Cybersecurity Glossary for Non-IT Professionals

business professionals at a conference table
It’s becoming increasingly important for business owners, board members, and non-IT leaders to understand the basics of cybersecurity. Unfortunately, the cybersecurity industry doesn’t make it easy with loads of acronyms, dense jargon, and highly technical explanations of even simple concepts. That’s why we’ve designed our cybersecurity glossary for non-IT professionals.

Table of Contents


Access Control

This refers to both a tool and a process. Access Control is designed to only give access to information or systems to those that need it. For example, access control can limit your frontline workers from being able to access all employee HR files.

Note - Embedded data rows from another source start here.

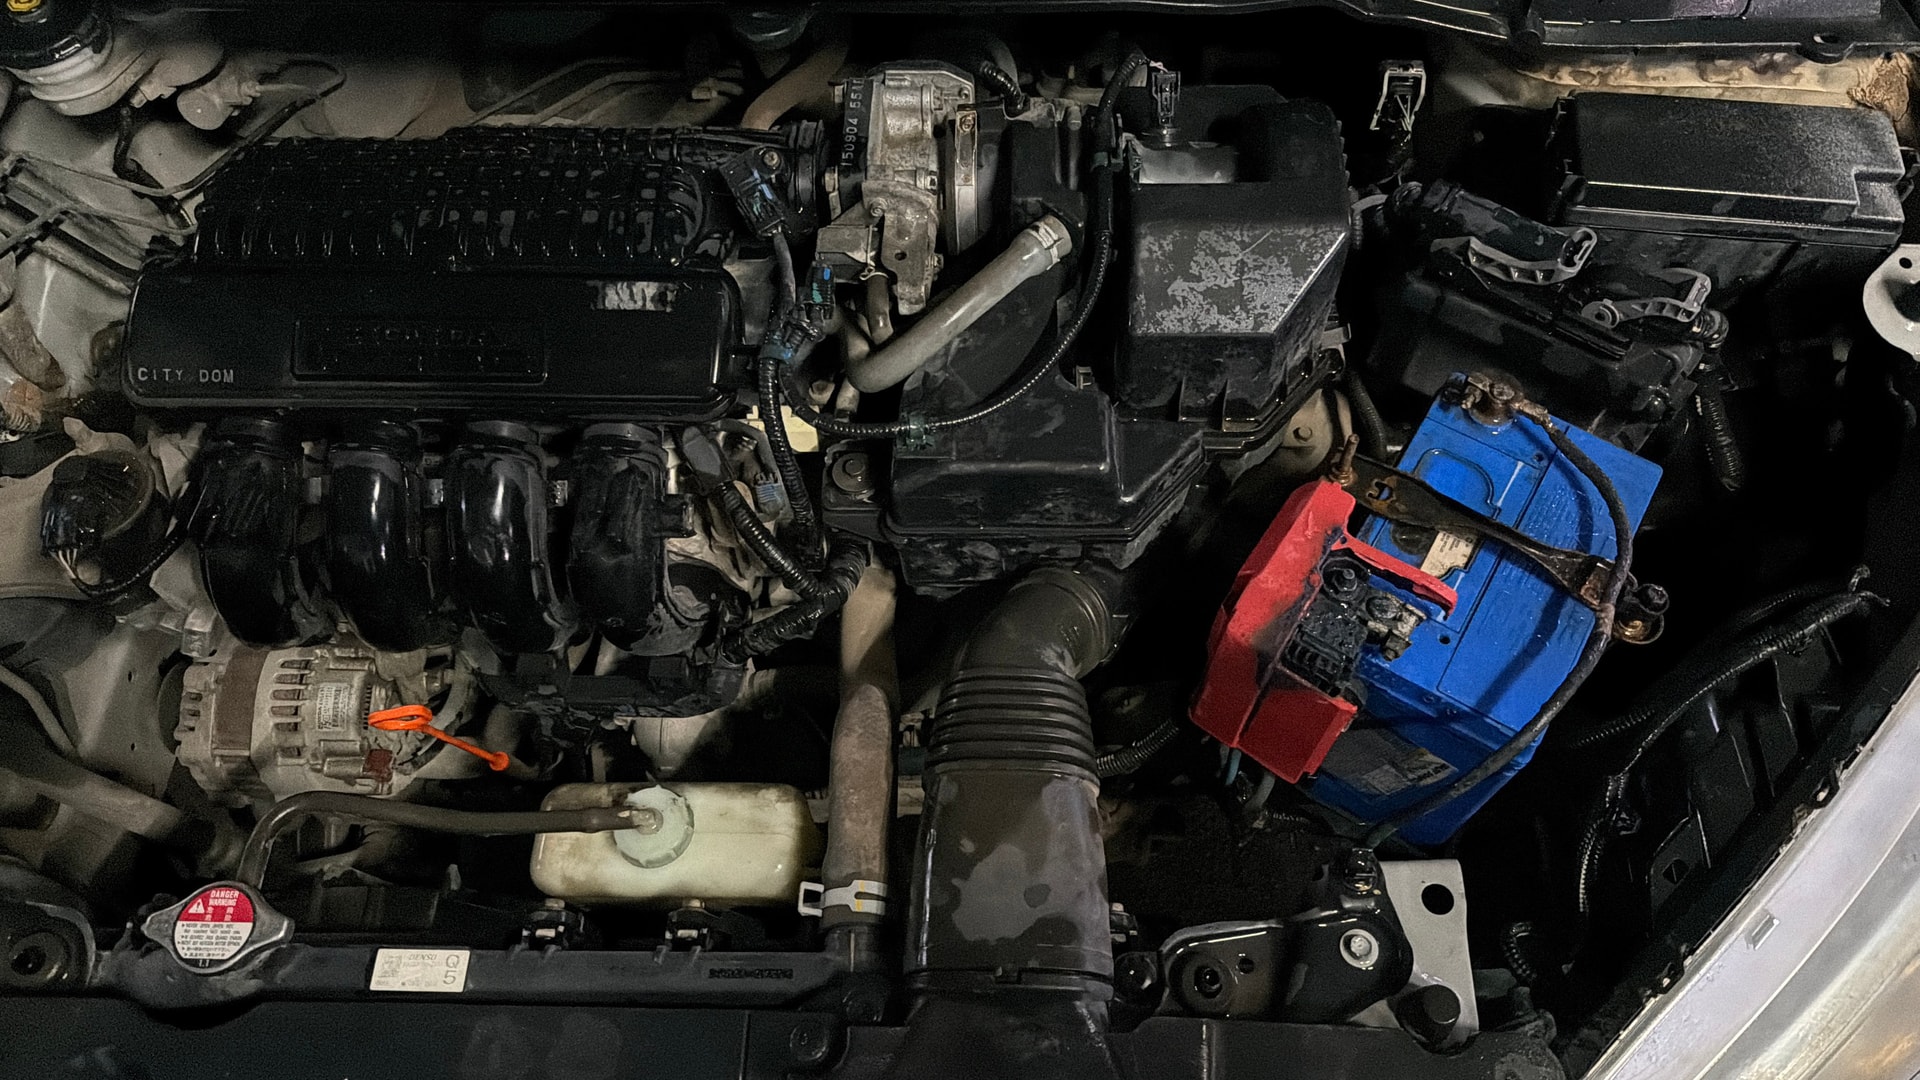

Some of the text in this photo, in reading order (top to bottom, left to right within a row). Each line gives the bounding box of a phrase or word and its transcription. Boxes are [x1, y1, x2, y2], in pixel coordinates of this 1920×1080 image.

[840, 118, 858, 166] 150904
[137, 367, 234, 383] CITY DOM
[210, 890, 239, 898] DANGER
[208, 898, 237, 906] WARNING
[445, 954, 460, 969] Q
[443, 970, 456, 985] 5

Access control is primarily done in 3 ways:

  • Discretionary Access Control (DAC) – Gives permission/privileges to specific people to access specific things.
    • i.e. John Smith has access to Payroll.
  • Mandatory Access Control (MAC)- Assigns people and systems a label then limits access based on the labels with those having higher clearance being able to access more. 
    • i.e. John Smith has a “Top Secret” label and Payroll access is granted to anyone with “Classified” designation or higher.
  • Role Based Access Control (RBAC) – Controls access through use of job labels for people so they can accomplish job-related tasks. 
    • i.e. John Smith is in an Accountant, so he can access any software in the Accounting department list. 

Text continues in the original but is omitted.